Most users do not need to handle authentication directly. Sign in at openrush.io, connect your AI agent from Setup, and OpenRush handles access for you.
Developers can also create API keys for server-side integrations.
Recommended path
Use the Dashboard:
API keys for developers
Send your key in the Authorization header:
curl "https://api.openrush.io/v1/me/credits" \
-H "Authorization: Bearer $OPENRUSH_KEY"
You can also send:
curl "https://api.openrush.io/v1/me/credits" \
-H "X-API-Key: $OPENRUSH_KEY"
API keys use the or_ prefix. The full key is returned only once when it is created. OpenRush stores a hash, fingerprint, and display prefix, not a retrievable raw key.
Dashboard sessions
When you use the Dashboard or OAuth-based MCP, OpenRush uses your signed-in account. You do not need to copy tokens manually.
For advanced integrations, public API routes can also accept a valid Dashboard session bearer token:
curl "https://api.openrush.io/v1/me/credits" \
-H "Authorization: Bearer $SUPABASE_ACCESS_TOKEN"
OpenRush maps that session to the same account used by API keys. This keeps credits, usage, and billing shared across Dashboard, API key, and MCP access.
Unauthenticated endpoints
This public endpoint does not require an API key:
| Method | Path | Purpose |
|---|
GET or POST | /v1/capabilities | Discover enabled tools and sources |
Create and revoke user credentials
You can create and revoke keys in API access, or use the account API directly.

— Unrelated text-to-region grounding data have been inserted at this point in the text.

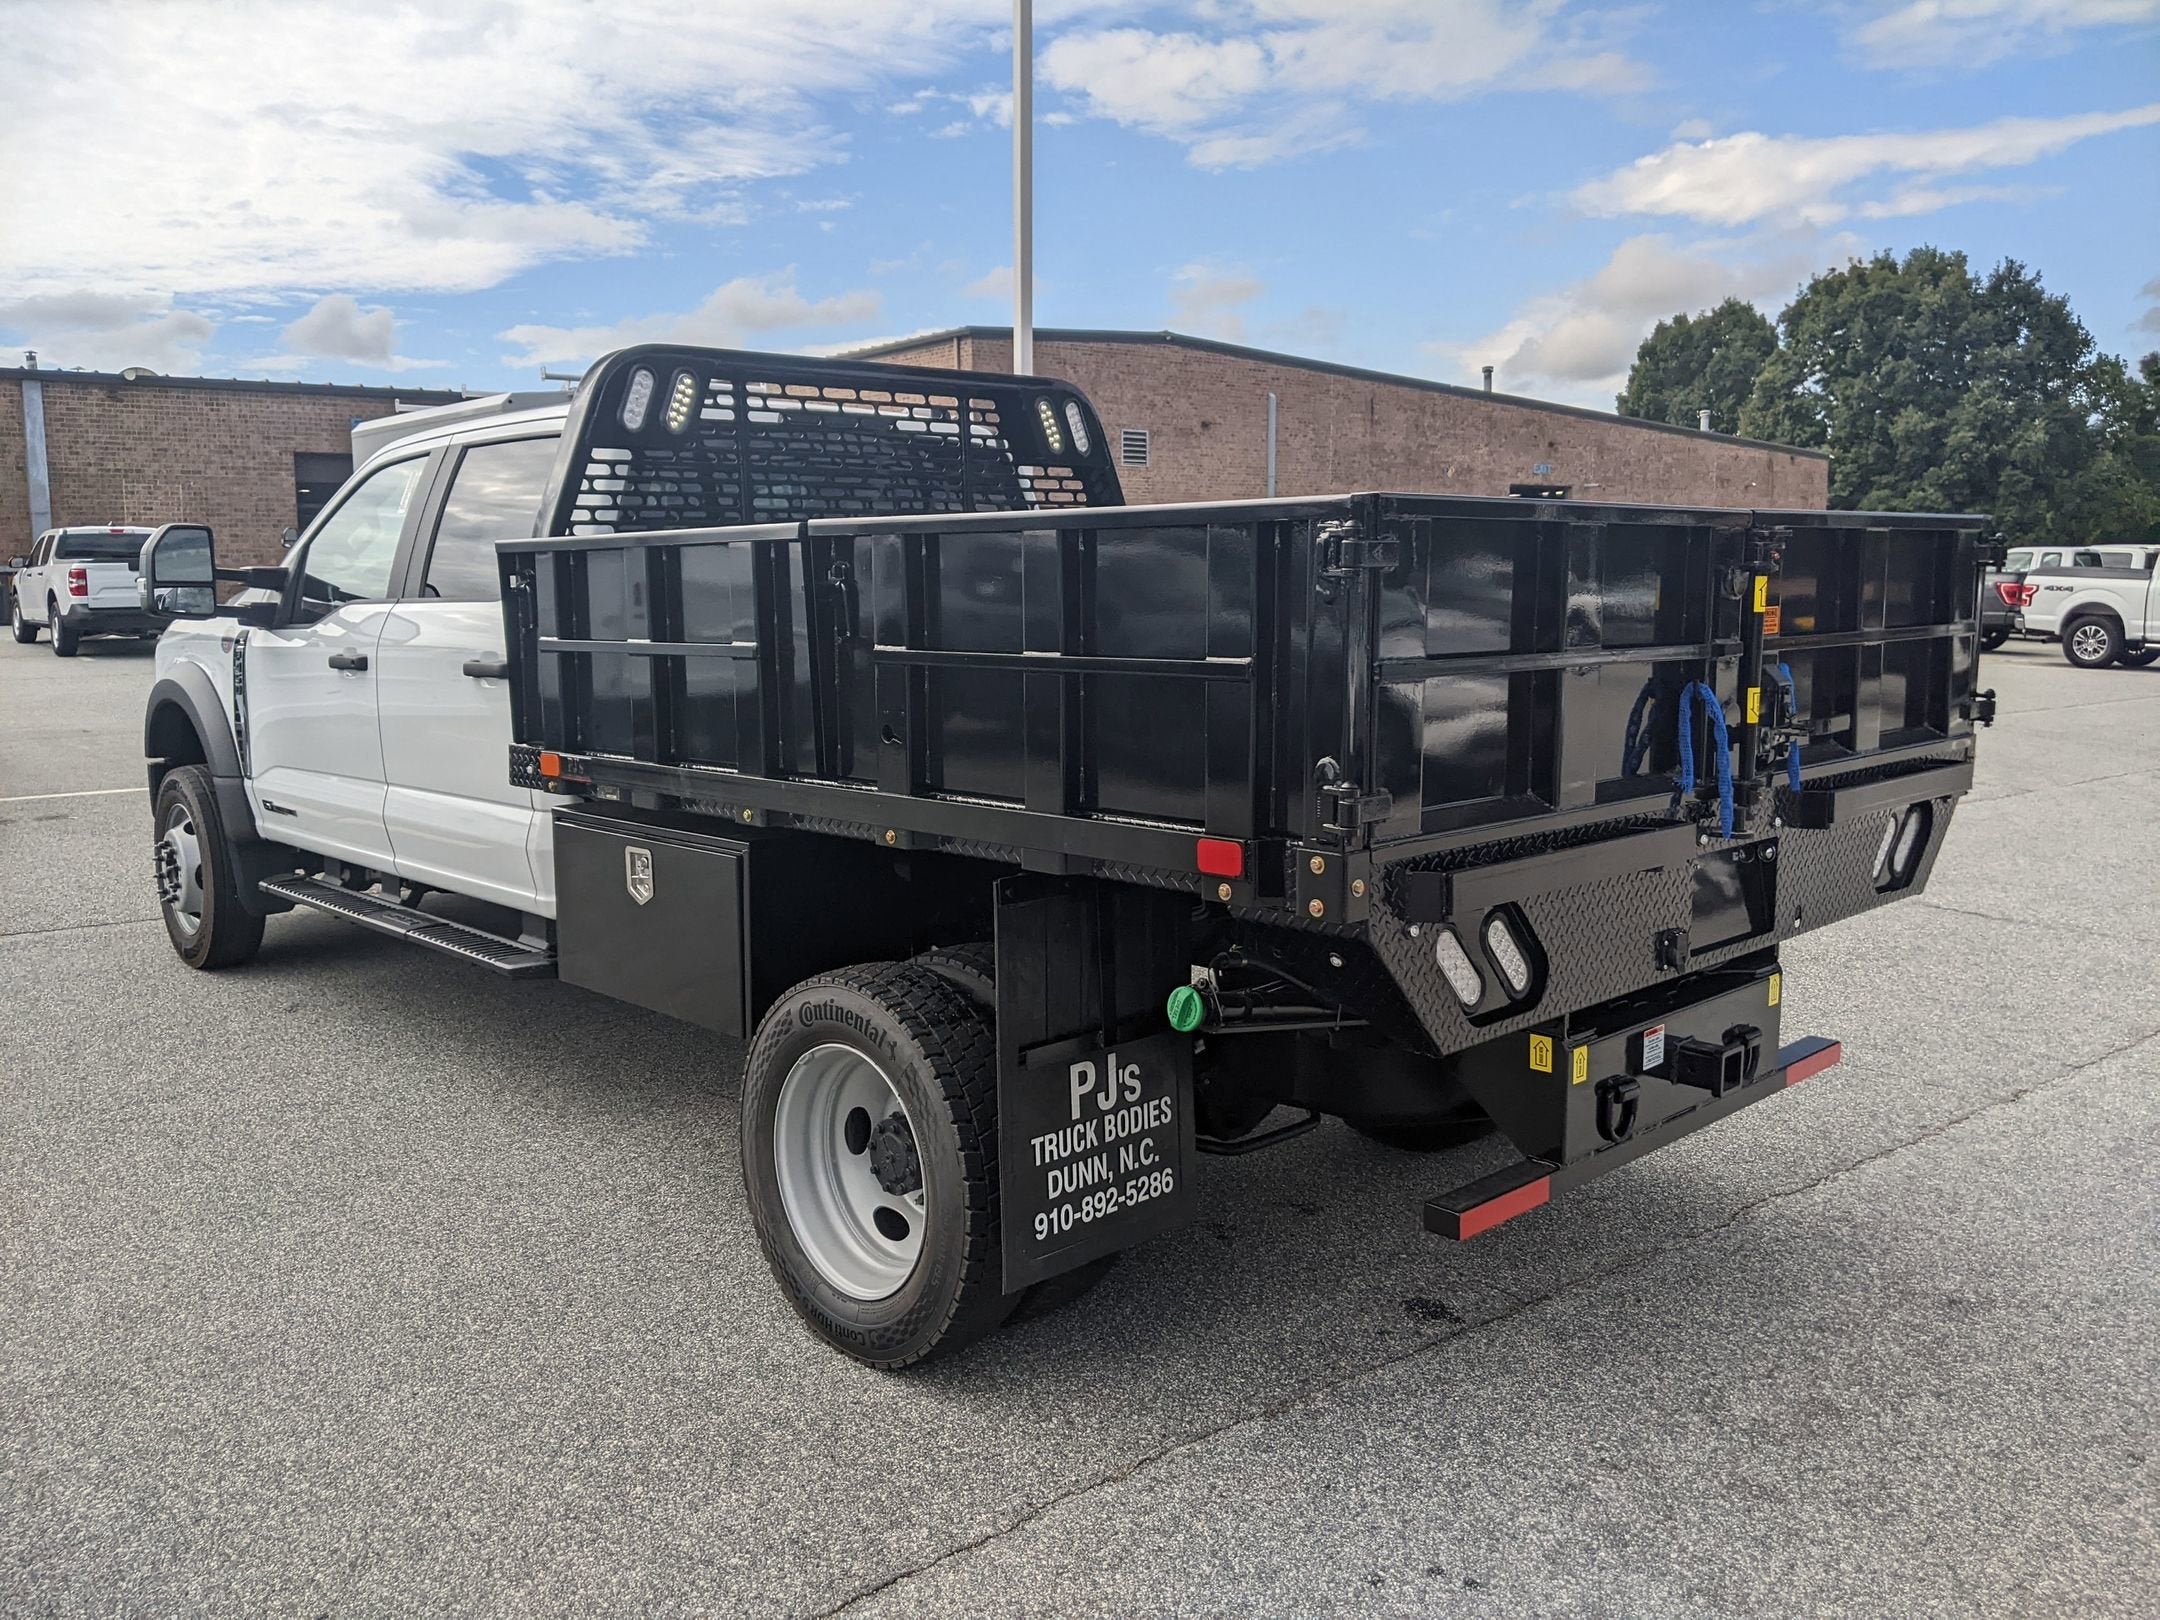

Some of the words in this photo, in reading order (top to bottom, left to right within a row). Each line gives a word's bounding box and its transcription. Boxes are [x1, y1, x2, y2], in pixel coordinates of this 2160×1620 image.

[799, 998, 887, 1049] Continental
[1070, 1053, 1142, 1120] PJ's
[1031, 1118, 1098, 1167] TRUCK
[1104, 1095, 1172, 1143] BODIES
[1048, 1152, 1114, 1200] DUNN,
[1119, 1137, 1160, 1174] N.C.
[1034, 1167, 1174, 1240] 910-892-5286

Create a new key for the current account:
curl -X POST "https://api.openrush.io/v1/me/api-credentials" \
-H "Authorization: Bearer $OPENRUSH_KEY" \
-H "Content-Type: application/json" \
-d '{"name":"production agent"}'
Revoke a key owned by the current account:
curl -X POST "https://api.openrush.io/v1/me/api-credentials/$CREDENTIAL_ID/revoke" \
-H "Authorization: Bearer $OPENRUSH_KEY"
Store the returned key immediately. It is shown once and cannot be retrieved later.